Complete, exact copies of all entries are needed.

*** STORED DATA

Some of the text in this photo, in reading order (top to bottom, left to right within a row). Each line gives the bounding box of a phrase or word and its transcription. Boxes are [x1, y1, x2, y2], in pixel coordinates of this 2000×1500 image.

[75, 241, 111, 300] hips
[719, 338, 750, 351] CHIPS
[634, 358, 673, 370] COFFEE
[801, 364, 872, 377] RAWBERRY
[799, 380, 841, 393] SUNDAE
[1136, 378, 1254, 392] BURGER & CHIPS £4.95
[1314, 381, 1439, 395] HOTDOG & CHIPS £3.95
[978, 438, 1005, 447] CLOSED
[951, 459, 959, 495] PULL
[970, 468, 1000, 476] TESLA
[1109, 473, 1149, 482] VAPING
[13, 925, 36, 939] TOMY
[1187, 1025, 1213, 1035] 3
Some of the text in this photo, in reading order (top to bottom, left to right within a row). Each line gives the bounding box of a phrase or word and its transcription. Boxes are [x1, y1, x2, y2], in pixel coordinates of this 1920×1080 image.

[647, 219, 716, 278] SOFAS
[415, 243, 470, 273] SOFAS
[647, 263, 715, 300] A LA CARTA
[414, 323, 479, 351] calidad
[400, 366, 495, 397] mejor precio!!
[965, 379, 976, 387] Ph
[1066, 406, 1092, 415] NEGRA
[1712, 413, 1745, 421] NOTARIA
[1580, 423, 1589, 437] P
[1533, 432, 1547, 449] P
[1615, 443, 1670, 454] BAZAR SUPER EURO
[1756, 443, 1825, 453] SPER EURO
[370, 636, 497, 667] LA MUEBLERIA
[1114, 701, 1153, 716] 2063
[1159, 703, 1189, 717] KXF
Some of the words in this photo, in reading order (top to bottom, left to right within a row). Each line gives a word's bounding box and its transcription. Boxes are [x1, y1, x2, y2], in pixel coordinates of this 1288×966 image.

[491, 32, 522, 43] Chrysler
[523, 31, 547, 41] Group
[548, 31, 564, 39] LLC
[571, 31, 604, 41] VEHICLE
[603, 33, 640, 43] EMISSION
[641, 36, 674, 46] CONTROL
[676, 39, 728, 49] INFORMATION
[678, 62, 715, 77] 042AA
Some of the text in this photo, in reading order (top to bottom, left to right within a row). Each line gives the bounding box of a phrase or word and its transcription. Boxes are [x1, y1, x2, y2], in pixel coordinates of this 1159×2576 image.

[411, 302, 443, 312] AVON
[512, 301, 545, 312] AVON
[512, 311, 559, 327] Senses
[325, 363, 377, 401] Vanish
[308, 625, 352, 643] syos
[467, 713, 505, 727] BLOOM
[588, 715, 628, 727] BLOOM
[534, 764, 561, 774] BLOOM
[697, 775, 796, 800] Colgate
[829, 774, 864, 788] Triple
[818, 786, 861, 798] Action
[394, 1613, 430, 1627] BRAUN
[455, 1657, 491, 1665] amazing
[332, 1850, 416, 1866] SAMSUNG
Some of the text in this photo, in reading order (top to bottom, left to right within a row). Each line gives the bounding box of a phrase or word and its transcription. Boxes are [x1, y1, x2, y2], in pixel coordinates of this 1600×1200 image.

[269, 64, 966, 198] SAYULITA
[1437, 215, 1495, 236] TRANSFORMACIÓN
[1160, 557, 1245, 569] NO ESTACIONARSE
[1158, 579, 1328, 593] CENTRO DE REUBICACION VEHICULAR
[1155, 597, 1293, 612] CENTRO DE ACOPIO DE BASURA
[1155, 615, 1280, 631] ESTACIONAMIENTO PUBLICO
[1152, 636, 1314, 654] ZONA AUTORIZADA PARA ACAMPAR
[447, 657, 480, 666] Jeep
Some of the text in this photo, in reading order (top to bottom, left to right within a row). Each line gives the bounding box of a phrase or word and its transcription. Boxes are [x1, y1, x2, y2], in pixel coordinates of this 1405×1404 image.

******

(WRITTEN ANSWER)
Some of the text in this photo, in reading order (top to bottom, left to right within a row). Each line gives the bounding box of a phrase or word and its transcription. Boxes are [x1, y1, x2, y2], in pixel coordinates of this 2000×1500 image.

[75, 241, 111, 300] hips
[719, 338, 750, 351] CHIPS
[634, 358, 673, 370] COFFEE
[801, 364, 872, 377] RAWBERRY
[799, 380, 841, 393] SUNDAE
[1136, 378, 1254, 392] BURGER & CHIPS £4.95
[1314, 381, 1439, 395] HOTDOG & CHIPS £3.95
[978, 438, 1005, 447] CLOSED
[951, 459, 959, 495] PULL
[970, 468, 1000, 476] TESLA
[1109, 473, 1149, 482] VAPING
[13, 925, 36, 939] TOMY
[1187, 1025, 1213, 1035] 3
Some of the text in this photo, in reading order (top to bottom, left to right within a row). Each line gives the bounding box of a phrase or word and its transcription. Boxes are [x1, y1, x2, y2], in pixel coordinates of this 1920×1080 image.

[647, 219, 716, 278] SOFAS
[415, 243, 470, 273] SOFAS
[647, 263, 715, 300] A LA CARTA
[414, 323, 479, 351] calidad
[400, 366, 495, 397] mejor precio!!
[965, 379, 976, 387] Ph
[1066, 406, 1092, 415] NEGRA
[1712, 413, 1745, 421] NOTARIA
[1580, 423, 1589, 437] P
[1533, 432, 1547, 449] P
[1615, 443, 1670, 454] BAZAR SUPER EURO
[1756, 443, 1825, 453] SPER EURO
[370, 636, 497, 667] LA MUEBLERIA
[1114, 701, 1153, 716] 2063
[1159, 703, 1189, 717] KXF
Some of the words in this photo, in reading order (top to bottom, left to right within a row). Each line gives a word's bounding box and its transcription. Boxes are [x1, y1, x2, y2], in pixel coordinates of this 1288×966 image.

[491, 32, 522, 43] Chrysler
[523, 31, 547, 41] Group
[548, 31, 564, 39] LLC
[571, 31, 604, 41] VEHICLE
[603, 33, 640, 43] EMISSION
[641, 36, 674, 46] CONTROL
[676, 39, 728, 49] INFORMATION
[678, 62, 715, 77] 042AA
Some of the text in this photo, in reading order (top to bottom, left to right within a row). Each line gives the bounding box of a phrase or word and its transcription. Boxes are [x1, y1, x2, y2], in pixel coordinates of this 1159×2576 image.

[411, 302, 443, 312] AVON
[512, 301, 545, 312] AVON
[512, 311, 559, 327] Senses
[325, 363, 377, 401] Vanish
[308, 625, 352, 643] syos
[467, 713, 505, 727] BLOOM
[588, 715, 628, 727] BLOOM
[534, 764, 561, 774] BLOOM
[697, 775, 796, 800] Colgate
[829, 774, 864, 788] Triple
[818, 786, 861, 798] Action
[394, 1613, 430, 1627] BRAUN
[455, 1657, 491, 1665] amazing
[332, 1850, 416, 1866] SAMSUNG
Some of the text in this photo, in reading order (top to bottom, left to right within a row). Each line gives the bounding box of a phrase or word and its transcription. Boxes are [x1, y1, x2, y2], in pixel coordinates of this 1600×1200 image.

[269, 64, 966, 198] SAYULITA
[1437, 215, 1495, 236] TRANSFORMACIÓN
[1160, 557, 1245, 569] NO ESTACIONARSE
[1158, 579, 1328, 593] CENTRO DE REUBICACION VEHICULAR
[1155, 597, 1293, 612] CENTRO DE ACOPIO DE BASURA
[1155, 615, 1280, 631] ESTACIONAMIENTO PUBLICO
[1152, 636, 1314, 654] ZONA AUTORIZADA PARA ACAMPAR
[447, 657, 480, 666] Jeep
Some of the text in this photo, in reading order (top to bottom, left to right within a row). Each line gives the bounding box of a phrase or word and its transcription. Boxes are [x1, y1, x2, y2], in pixel coordinates of this 1405×1404 image.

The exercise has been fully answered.